Cape Town - Granger Bay

Granger Bay - Cape Town

The small inlet in the foreground is what all the fuss is about.

Near the northern parking area of the V& A Waterfront is a small bay called Granger Bay. It has a small slipway which is leased by the Oceana Power Boat club to launch its boats. Since 1992 the Oceana Power Boat Club has allowed snoek fishermen to launch their fishing boats from their slipway. This particular slipway is one of two found along the western coastline of Table Bay, the other one being at Three Anchor Bay.

The Oceana Power Boat club have leased the slipway from the V& A Waterfront Holding company for 30 years and with their lease expiring have made many requests and petitions to the V & A and to Cape Town Authorities to renew it. All to no avail. The site has been earmarked for upmarket residential properties and once the lease runs out the contractors want to start work.

When this happens the club and the snoek fishermen will lose their only access point to the sea in Table Bay. As the V & A Waterfront is closed to fishermen they have no where else to go.

The slipway and harbour at Yzerfontein

The closest harbour to Cape Town catering for fishermen on the Atlantic coastline is Yzerfontein which is about 90 kilometres up the west coast.

When there is a snoek run at Robben Island these fishermen will be expected to drive all the way to Yzerfontein to launch their boats and then have to run down the coast for about 60 kilometres in their boats before reaching the fishing grounds. Once they have their fish they will have to make the return trip with a fully laden boat to Yzerfontein. A trip that could take at least an hour and a half with a full boat.

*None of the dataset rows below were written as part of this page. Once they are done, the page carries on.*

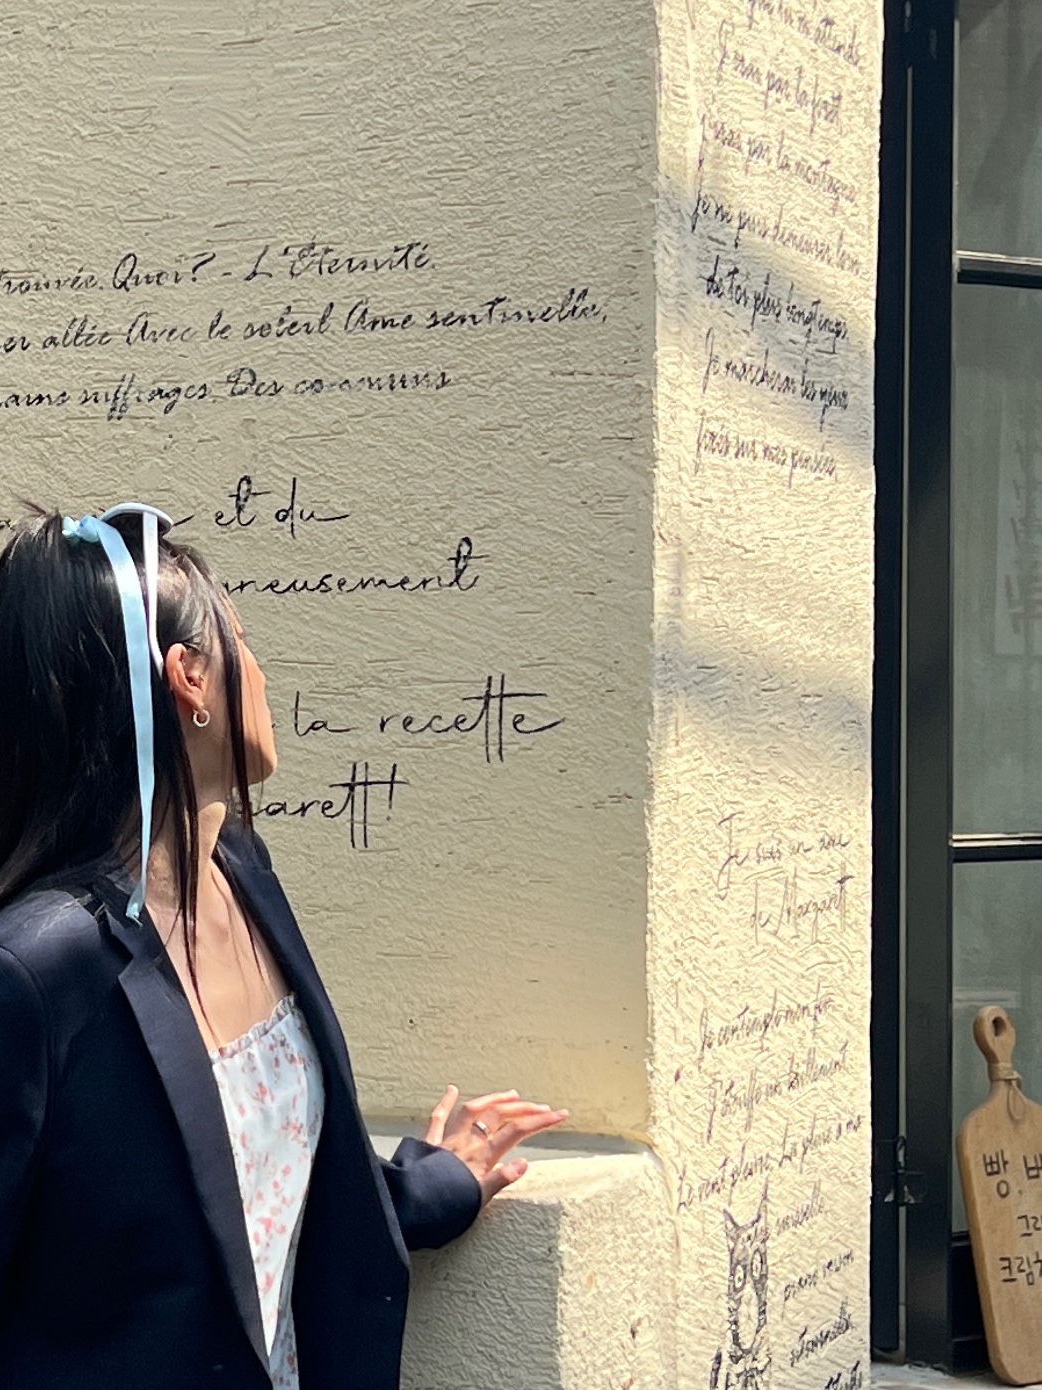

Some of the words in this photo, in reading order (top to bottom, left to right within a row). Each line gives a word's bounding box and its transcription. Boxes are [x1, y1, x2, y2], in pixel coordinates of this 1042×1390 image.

[208, 308, 231, 340] le
[243, 301, 335, 340] soleil
[226, 366, 285, 397] Des
[214, 475, 271, 528] et
[275, 477, 351, 539] du
[294, 690, 358, 737] la
[379, 673, 566, 764] recette

The Granger Bay slipway is about a 15 minute run from Robben Island in good weather. Authorities in Cape Town have offered the snoek fishermen two alternative sites to launch from. One being the Three Anchor Bay slipway a short way north of the Granger Bay facility. It is totally inadequate as the ramp to the slipway is very narrow and the boats are too wide to fit through it. Secondly, the little bay is very rocky and heavy seas sometimes hammer it when the north winds blow.

Woodstock beach with the tide rising

The other suggested site is near the mouth of the Salt River on Woodstock beach. Fishermen have turned this site down as it is too dangerous. When they launch their boats in the morning when the weather is fine there would not be a problem. However, everybody knows that during the summer months the south easter blows a gale across Table Bay.

The heavily laden fishing boats would be expected to return to base driving into the teeth of the gale through heavy seas and then have to make their way through the surf to the beach. If they should get their timing wrong a boat could quite easly capsize in the waves on its way through the surf. It is sad that in the name of progress every access to the sea for boats and fishermen have been blocked.

I have no idea how this problem is going to be solved but I am sure of one thing! The fishermen will not take this lying down.

The open land inside the harbour wall which would be ideal for the new slipway

I have a suggestion. Near to where the helicopter pads are in the waterfront is a large tract of unused land. Why not build a slipway there as there as there is plenty of space to park trailers etc.

The slipway could be built against the harbour wall and would be out of the way of other boats using the harbour as well as giving protection to the fishermen as they launch their boats.

Update:

On the 27th November 2004 newspapers reported that the fate of Granger Bay had changed and that the Oceana Boat club could stay where it was if parking for the fishing boats was supplied by local government.

We'll have to wait and see what transpires.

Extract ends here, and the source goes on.